We’ve finished our summer, tired, constantly worried, and for too many, brutalised by the gap between income and the increases in the cost of basic necessities.
Resilience, the ability to recovery quickly from difficulties is in shorter supply for lots of us.
Our connections with each other have frayed in the face of lockdowns and isolation, our confidence battered by the constantly changing Covid situation, and our financial and emotional resources depleted in ways that aren’t well understood by those in power, but include rampant increases in the cost of fuel, rent and food.
For whanau who are working in low wage jobs, with kids, and renting, the situation is bordering on dire.
Early childhood centres like Little Citizens in South Dunedin are providing three meals a day, and it is barely denting the sides.
Dunedin foodbanks are under the hammer, and it’s not even winter yet.

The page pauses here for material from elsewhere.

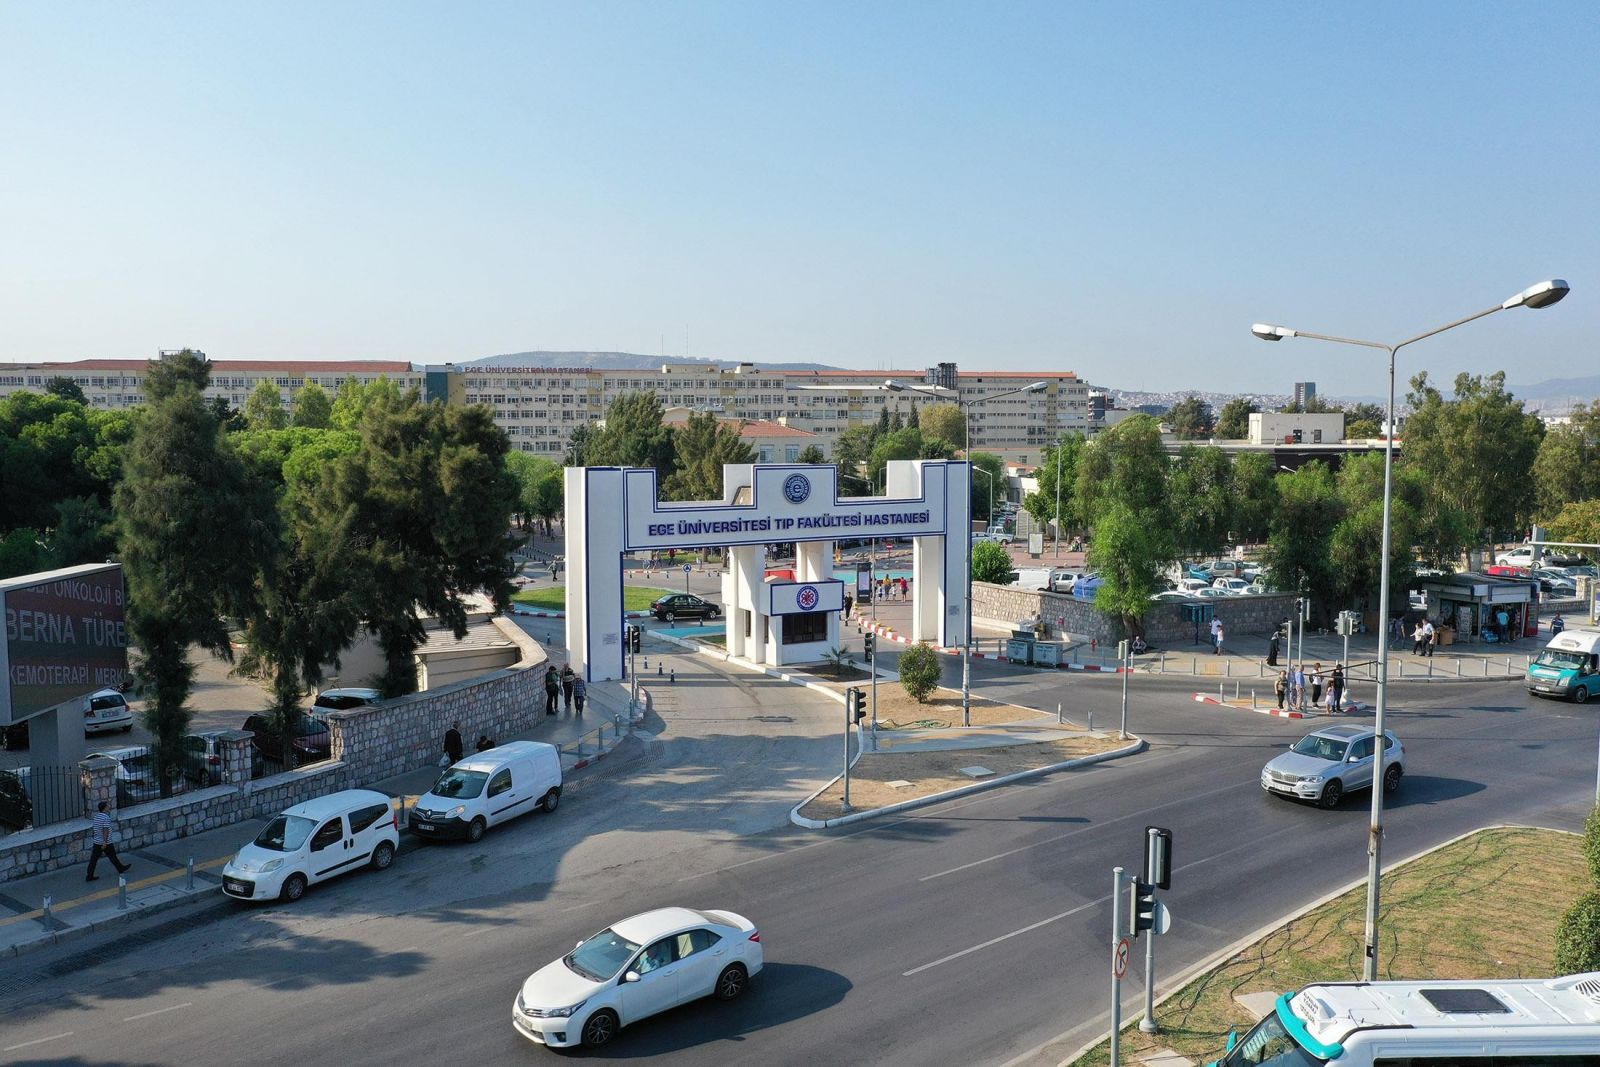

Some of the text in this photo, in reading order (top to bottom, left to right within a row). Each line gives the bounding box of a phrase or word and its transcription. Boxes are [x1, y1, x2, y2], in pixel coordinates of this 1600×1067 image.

[648, 509, 930, 536] EGE ÜNİVERSİTESİ TIP FAKÜLTESİ HASTANESİ
[7, 607, 76, 645] BERNA
[10, 664, 89, 686] KEMOTERAPİ

Hundreds of millions of dollars of support have been pumped into businesses in just the last few weeks.
Why are we not seeing more support for families? For pensioners on fixed incomes? For the 12% of Kainga Ora residents who can’t afford their rent?
Why are Rats not free for people with Community Services Card?
Where is the doubling of the winter energy payment provided in 2020 but not since?
Where is the $50 a week emergency lift in benefits MSD recommended to ministers in December 2020?
Yes there is an bump to benefits coming on April 1. Of $15 a week.
That won’t even cover the increase for half a tank of petrol.
In the late 1980s New Zealand went through radical economic change that doubled the rate of child poverty (where it has stayed largely ever since), with lifelong consequences for those families and for us as a nation.
The Government moved with astonishing speed when Covid-19 arrived. It should do so again.
The Government’s budget lands in two months’ time.
There must be significant increases to Working for Families, and main benefits.
There must be reinstatement of the doubled winter energy payment and reductions in the cost of accessing healthcare.
The mental health reforms must be expedited.